Big Data is a Big Deal

  Besides the fact that data is bringing so much value to so many different companies and industries, it is also opening up a whole new path of management principles that companies can use. Early on in professional management, corporate leaders discovered that one of the key factors for competitive success was a minimum scale of efficiency.

  Comparatively, one of the modern factors for competitive success is going to be capturing higher quality data and using that data with more efficiency at scale. For the current company executives that might be doubting how much big data is going to help them, there are these five questions that will really help them figure out how big data is going to benefit them and their organizations.

  What can we expect to happen in a world that is “transparent” meaning that data is readily available? Over time information is becoming more accessible in all sectors. The fact that that data is coming out of the shadows means that organizations, which have relied heavily on data as a competitive asset, are potentially going to feel threatened. This can be seen especially in the real-estate industry. The real-estate industry has typically provided a gateway to transaction data and a knowledge of bids and buyer behaviors that haven’t been available elsewhere. Gaining access to all of that requires quite a bit of money and even more effort. In recent years, online specialists are bypassing the agents to create a parallel resource for real-estate data. This data is gotten directly from buyers and sellers, and available to those same groups. Pricing and cost data has also seen a spike in availability for several industries. There are even companies using satellite imagery that is available at their fingertips. They’re using processing and analysis to look at the physical facilities of their competitors. That information can provide insights into what expansion plans or physical constraints that their competitors are facing. But with all that data there comes a challenge. The data is being kept within departments. Engineering, R&D, service operations, and manufacturing will have their different information and it will be stored in different ways depending on the department. However, the fact that all this information is kept in these little pockets means that the data cannot be used and analyzed in a timely manner. This can cause all sorts of problems for companies. For example, financial institutions don’t share data across departments like money management, financial markets, or lending. This segmentation means that the customers have been compartmentalized. They don’t see the customer across all of these different areas, but just as separate images. Some companies in the manufacturing business are trying to stop this separation of data. They’re integrating data from their different systems and asking their smaller units to collaborate in order to help their data flow. They’re even looking for data and information outside of their groups to see if there’s anything else out there that might help them figure out better products and services.

  The automotive industry has suppliers all around the world making components that are then used in the cars that they’re making. Integrating data across all of these would allow the companies and their supply chain partners to work together at the design stage instead of later on. Can testing decisions change the way that companies compete?

  Gaining the ability to really test decisions would cut down on costs and improve a company’s competitiveness. These automotive companies would be able to test and experiment with the different components. By going through this process, they’ll be able to gain results and data that will guide their decisions about operational changes and investments.
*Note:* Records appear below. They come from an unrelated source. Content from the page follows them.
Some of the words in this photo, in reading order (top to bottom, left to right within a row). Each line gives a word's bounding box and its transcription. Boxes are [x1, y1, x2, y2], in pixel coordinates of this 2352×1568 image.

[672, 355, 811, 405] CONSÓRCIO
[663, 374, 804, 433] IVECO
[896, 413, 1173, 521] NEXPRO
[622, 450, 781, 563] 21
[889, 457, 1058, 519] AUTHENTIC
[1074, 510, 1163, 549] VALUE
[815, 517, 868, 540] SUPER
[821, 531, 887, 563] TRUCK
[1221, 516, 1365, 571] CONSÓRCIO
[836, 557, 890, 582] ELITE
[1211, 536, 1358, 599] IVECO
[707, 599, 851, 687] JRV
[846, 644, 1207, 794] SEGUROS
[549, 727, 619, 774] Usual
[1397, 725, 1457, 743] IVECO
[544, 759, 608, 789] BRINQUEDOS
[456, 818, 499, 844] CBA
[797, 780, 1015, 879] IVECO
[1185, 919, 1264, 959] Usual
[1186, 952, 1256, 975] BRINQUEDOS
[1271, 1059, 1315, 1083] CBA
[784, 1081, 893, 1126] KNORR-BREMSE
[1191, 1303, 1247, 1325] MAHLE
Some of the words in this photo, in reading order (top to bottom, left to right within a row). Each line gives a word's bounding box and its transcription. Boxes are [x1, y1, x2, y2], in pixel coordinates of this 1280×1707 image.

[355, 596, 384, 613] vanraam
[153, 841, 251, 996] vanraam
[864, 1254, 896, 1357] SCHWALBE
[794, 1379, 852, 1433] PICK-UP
Really, experimentation will allow companies and their managers to really see the difference between correlation and causation while also boosting financial performance and producing more effective products.

  The experiments that companies will use to collect data can take several forms. Some online companies are always testing and running experiments. In particular cases, there will be a set of their web page views that they are using to test the factors that drive sales and higher usage. Companies with physical products will use tests to help make decisions, however, big data can make these experiments go even further. McDonald’s put devices in some of their stores that track customer interaction, traffic, and ordering patterns. The data gained through these devices can help them make decisions about their menus, the design of their restaurants, as well as many other things. Companies that can’t use controlled experiments may turn to natural experiments to figure out which variables are in play. A government sector collected data on different groups of employees that were working in various places but doing similar jobs. This data was made available and the workers that were lagging were pushed to improve their performance.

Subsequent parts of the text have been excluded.